As stated, between 1812 and 1815 seventy or so Napoleonic War army and navy officers were billeted in Sanquhar Burgh. These prisoners had a great deal of freedom and often visited the Crawick Water to swim and walk in the woods. Overlooking the glen near Sarah's Trough is a large and flat faced vertical rock that is covered in graffiti left by the prisoners and other visitors. Much of it is now hard to read, although the words 'Luogo di Delizia' are still discernable, being in the Italian language and meaning 'delightful place'. The dates 1812 and 1814 are visible, a possible coat of arms, some well-carved initials and the French word 'Souvenir' that can mean 'memory, remembrance, recollection, keepsake or memento'.
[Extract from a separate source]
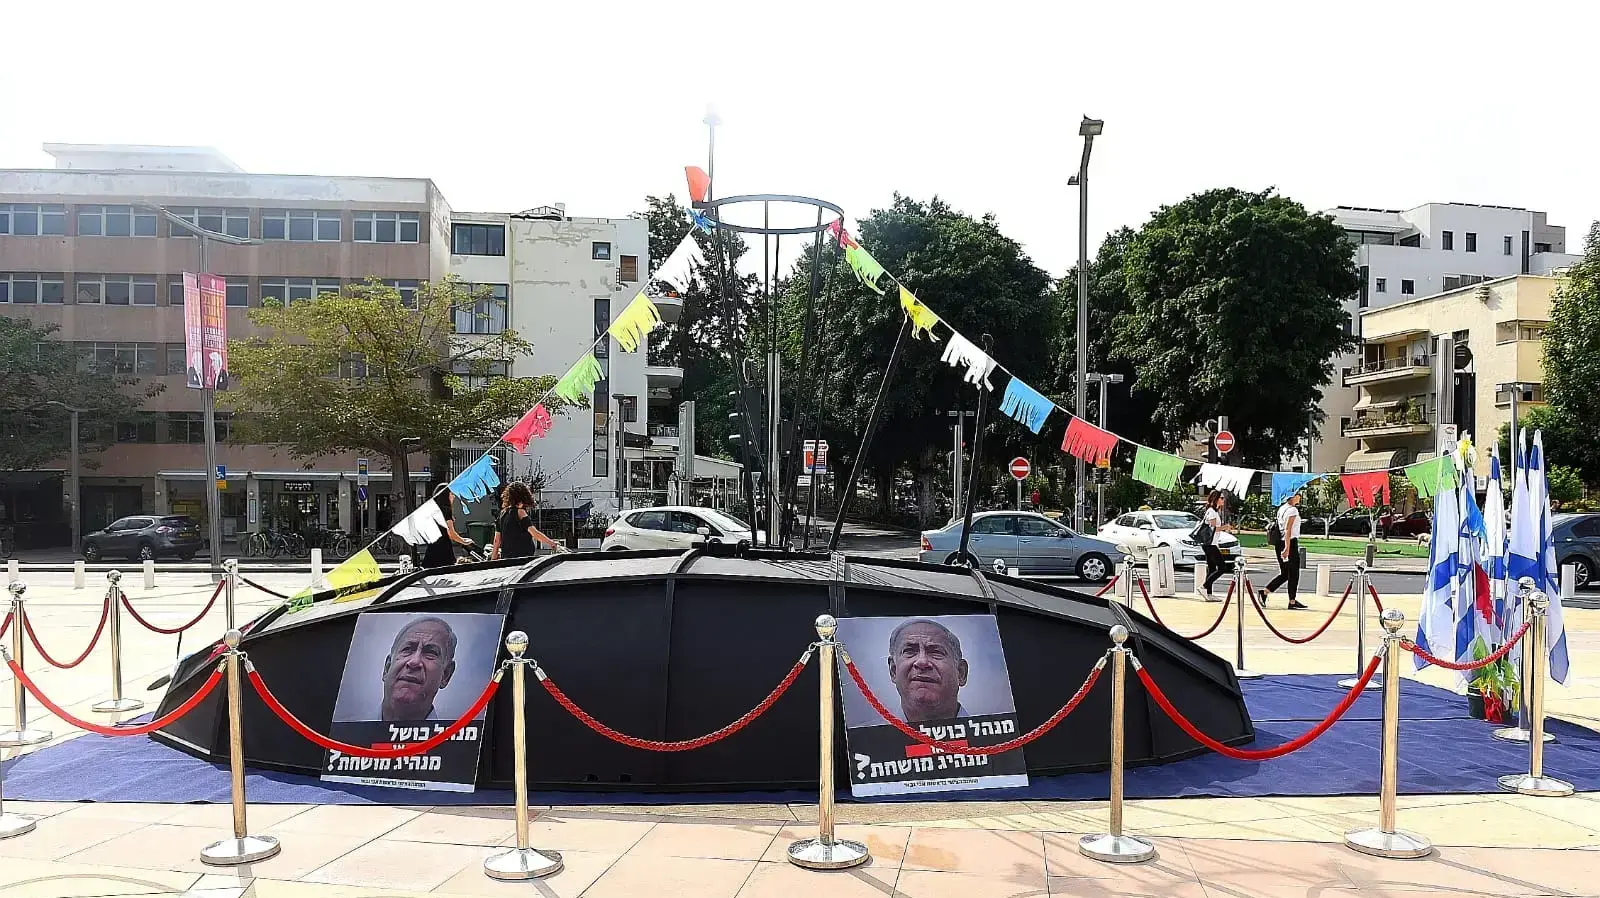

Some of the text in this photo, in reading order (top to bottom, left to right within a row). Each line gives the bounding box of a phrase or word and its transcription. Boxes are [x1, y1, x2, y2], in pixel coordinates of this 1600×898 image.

[388, 723, 478, 742] מנל כושל
[919, 719, 1015, 740] מנהל כושל
[327, 749, 442, 771] מנהיג מושחת?
[854, 753, 988, 780] מנהיג מושחת?
Several of the pictorial carvings, as well as the numerous initials, may well have been added later. Some of the Holm Walks paths in the Crawick Glen are out of use and hazardous; the upper bridge itself has collapsed. The prisoners' graffiti 'panel' has become hard to reach and the downstream riverside approach is dangerous. A few of the beech trees have initials carved on them that may be from Napoleonic times.

===Covenanters===
A cave (NS783114), locally known as the 'Snake's Cave' is located just off the course of the Holm Walks path running upstream near the Sarah's Trough pool. This has been associated with Covenanters hiding from the King's troops.

===Sarah's Trough===
A deep pool in the Crawick Water below the Witches' Crag is so called in memory of a girl named Sarah who was drowned there long ago.

===Etymology===
The name Crawick derives from 'Carwick' or 'Carraig', meaning rocky.

==Micro-history==
In British usage 'Crawick' is technically a hamlet rather than a village as it has always lacked a formal dedicated church of its own.